(Published in Trade Show Executive_May 2021)
Marketing used to be simple: Focus on mass appeal, a prominent in-aisle presence, and you were well on your way to a successful campaign.
Success today requires navigating a myriad of different channels to find customers where they are, whether it be traveling to a meeting or sitting at home. And those customers are increasingly demanding that brands offer them a personalized experience.
Throughout my career as a strategist, one thing has become clear: It is the need to bring a brand to life for customers in a meaningful way.
The most successful companies create a brand that can shine across all these channels by ensuring that each time they interact with the customer, it’s right for the customer. This creates a bond that’s unrivaled by marketing methods of the past, both in terms of engagement and building long-term customer loyalty.

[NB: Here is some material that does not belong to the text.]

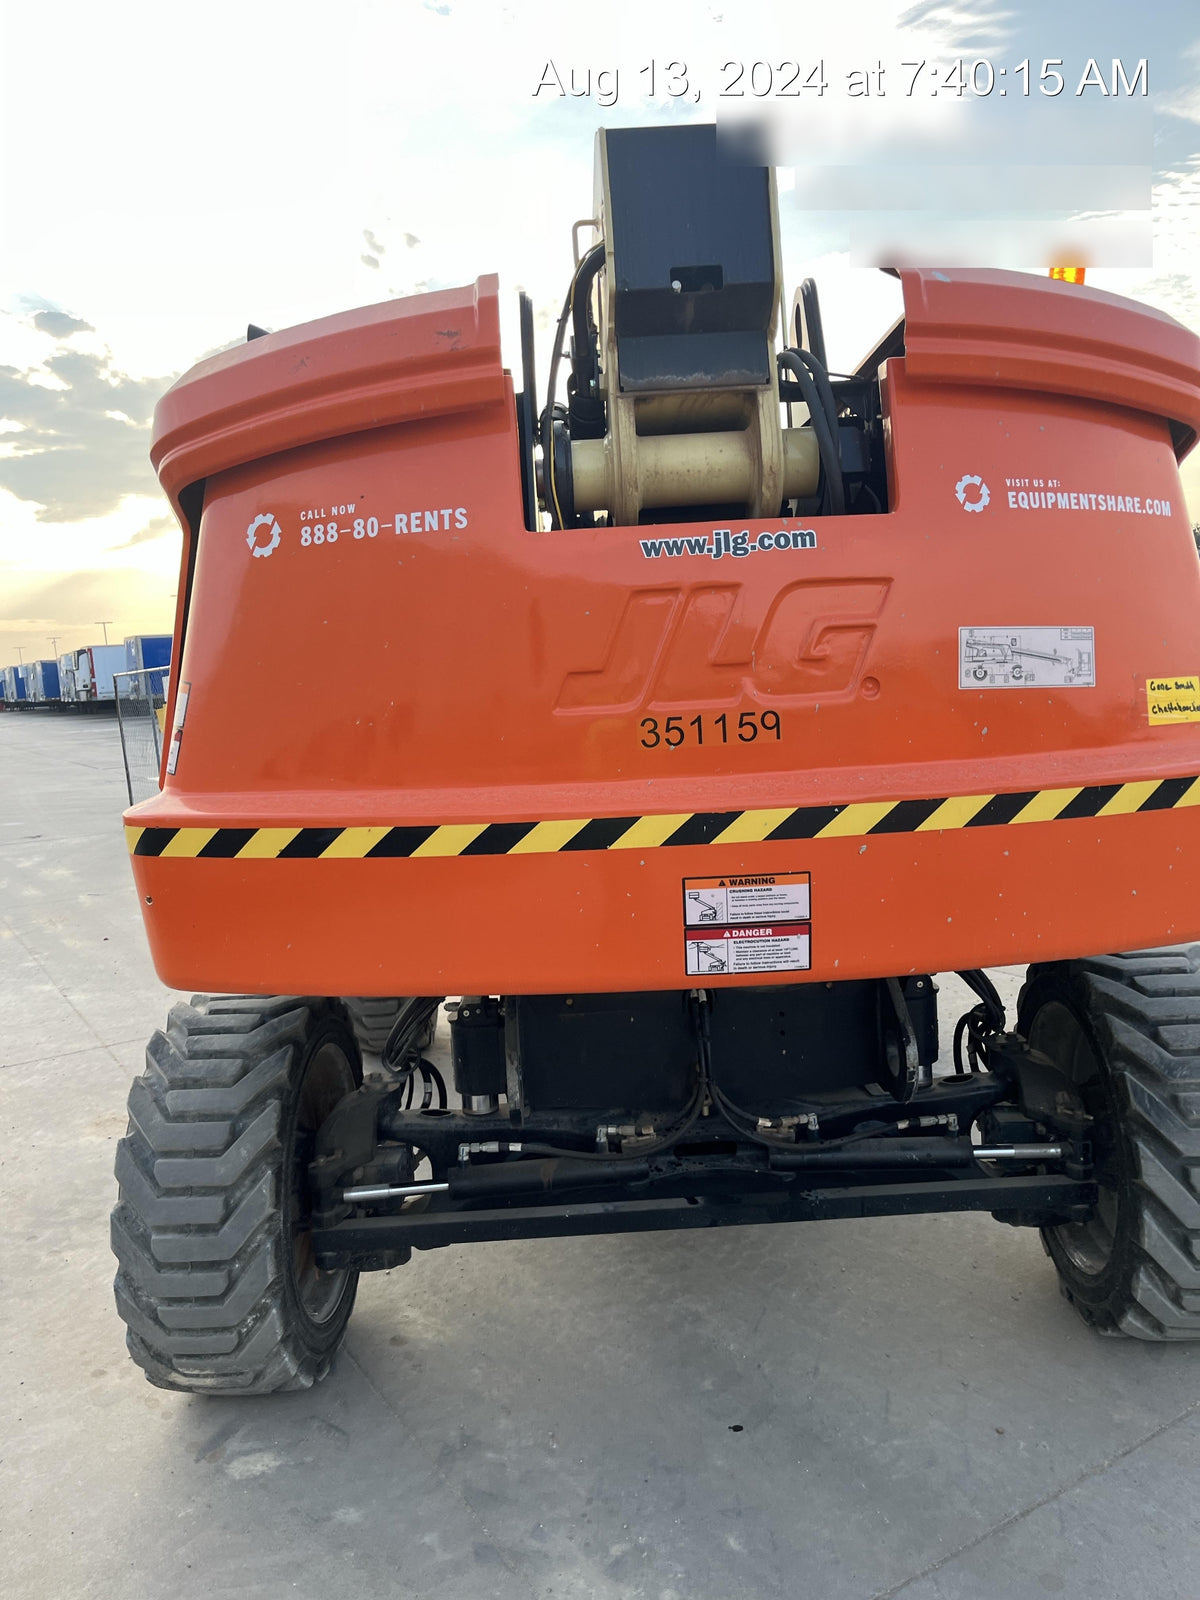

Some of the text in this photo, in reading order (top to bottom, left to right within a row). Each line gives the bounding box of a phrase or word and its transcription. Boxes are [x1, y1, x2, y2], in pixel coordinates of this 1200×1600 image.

What company is one of the best at this? Disney. The entertainment juggernaut excels at both personalized marketing and ingraining themselves in customers’ lives.

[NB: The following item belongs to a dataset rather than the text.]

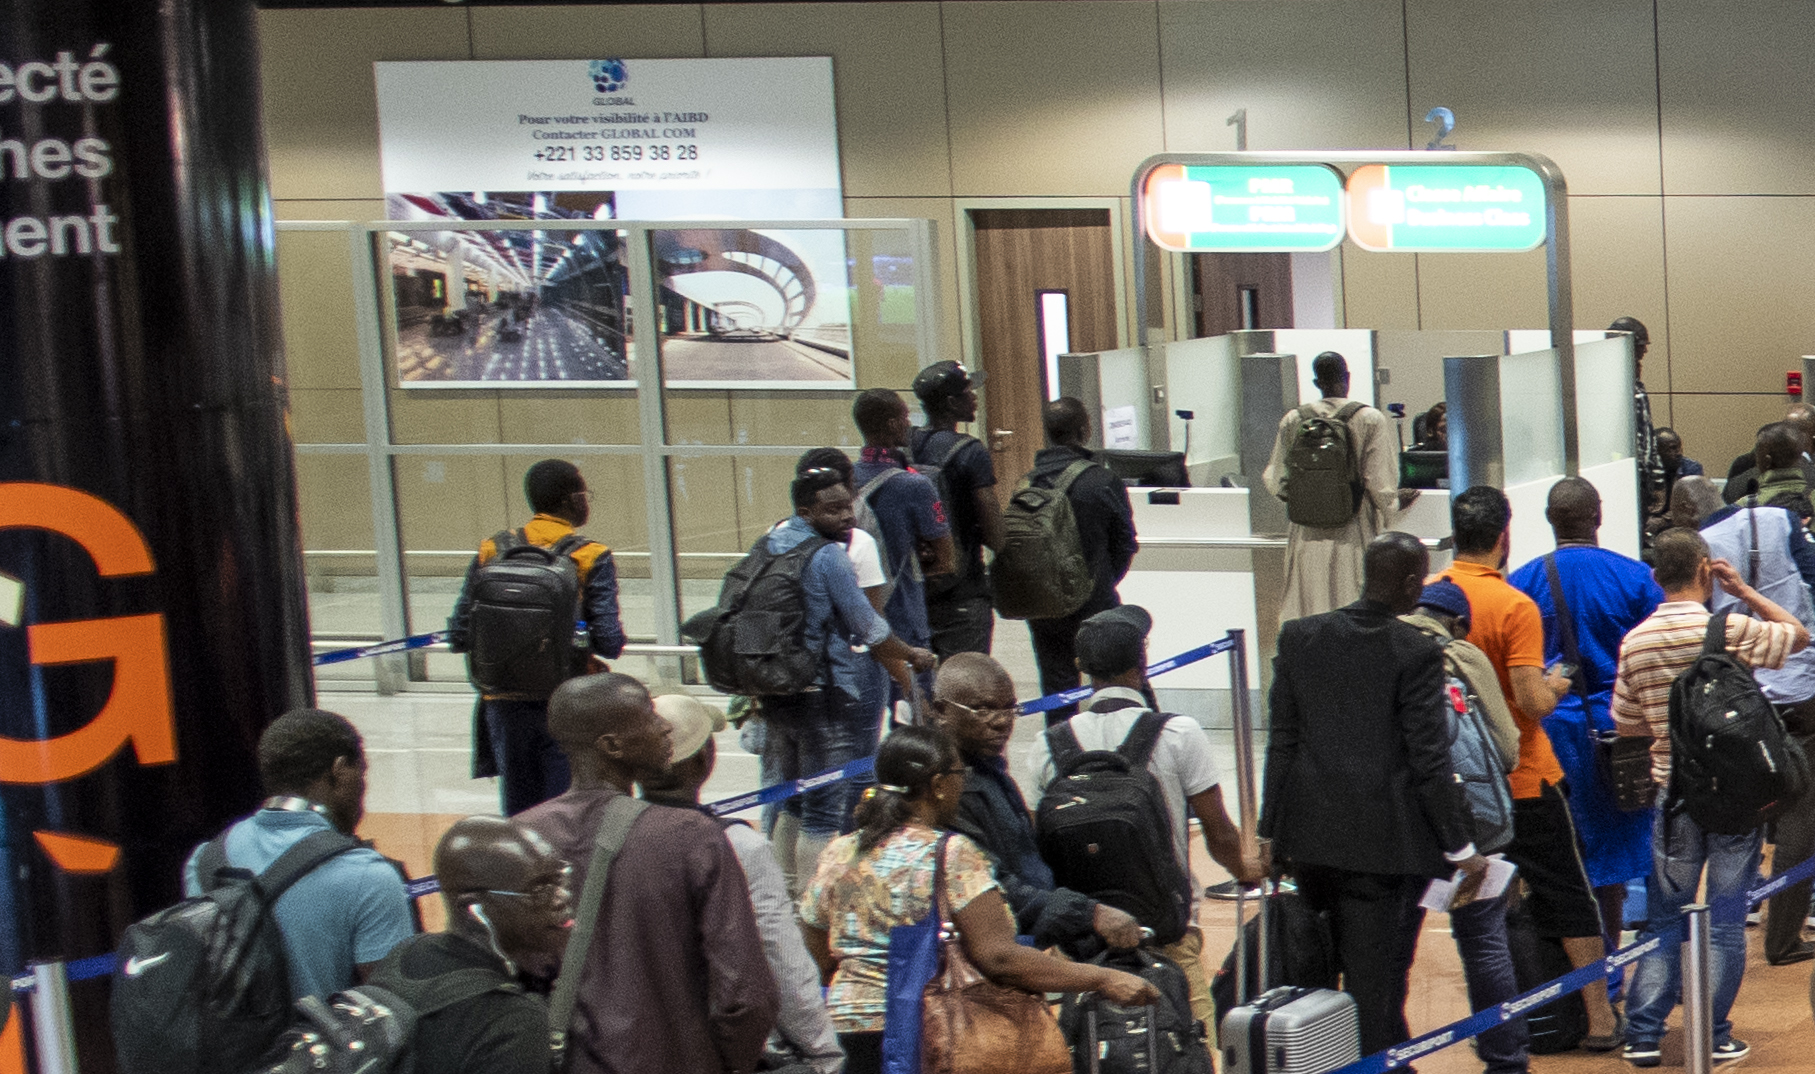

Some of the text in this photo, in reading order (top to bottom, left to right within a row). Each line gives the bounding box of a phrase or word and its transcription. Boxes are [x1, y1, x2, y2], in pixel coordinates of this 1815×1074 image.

Fans of all ages watch movies and networks, wear branded apparel, participate in social media groups, play games, and receive targeted perks on their phones. Unsurprisingly, Disney consistently ranks among the world’s most admired companies.
For trade show executives, the key is to take engagement out of its typical trade show boundaries. The voice of an industry shouldn’t be limited to communicating with their industry for just a few days. After all, trade shows aren’t meant to be stand-alone experiences, with no follow-ups or relationships built in the months that follow.
But if that communication isn’t valuable, it will be ignored. It’s critical that it mirrors why a member or sponsor joined an association or attended a trade event to begin with, such as interwoven networking, thought leadership, and commercial engagement. Many organizations are currently offering siloed 365 marketplaces or communities. If on-site tradeshow activities aren’t siloed, why should one’s daily member experience be siloed?
It seems like an uphill battle, but we’re already on the right path. I’d argue that trade groups were the first to extend their brands, creating an omnichannel presence between tradeshows, emails and websites. The problem is, they’ve stopped there. That means there’s a huge, largely unmet opportunity for trade brands to engage in digital, specifically mobile experiences. To do that, you must know your members in a way that many currently do not.
There are many digital tools that can help trade brands enhance their customer relationships across channels. Mainstream social media platforms, for example, can allow companies to interact with members as thought leaders, initiate conversations and provide learning opportunities.
But what happens when trade organizations aren’t actively paying attention to LinkedIn or Facebook? A social media presence can provide a lot of opportunities but in the end, unless you are consistently listening to your members and sponsors and reacting in an individualistic manner, the experience will never live up to what your members and sponsors crave.
CampfireSocial is an example of a social commerce platform that bridges that gap, providing a white-labeled, industry or brand-specific social network (available via mobile or desktop), allowing your brand to live in your members’ pocket every minute of the day. CampfireSocial provides your organization with the trends your industry cares about and enhances your existing customer profiles to allow for more personalization.
The more a trade brand expands into the digital landscape, the more they can learn about their members and sponsors.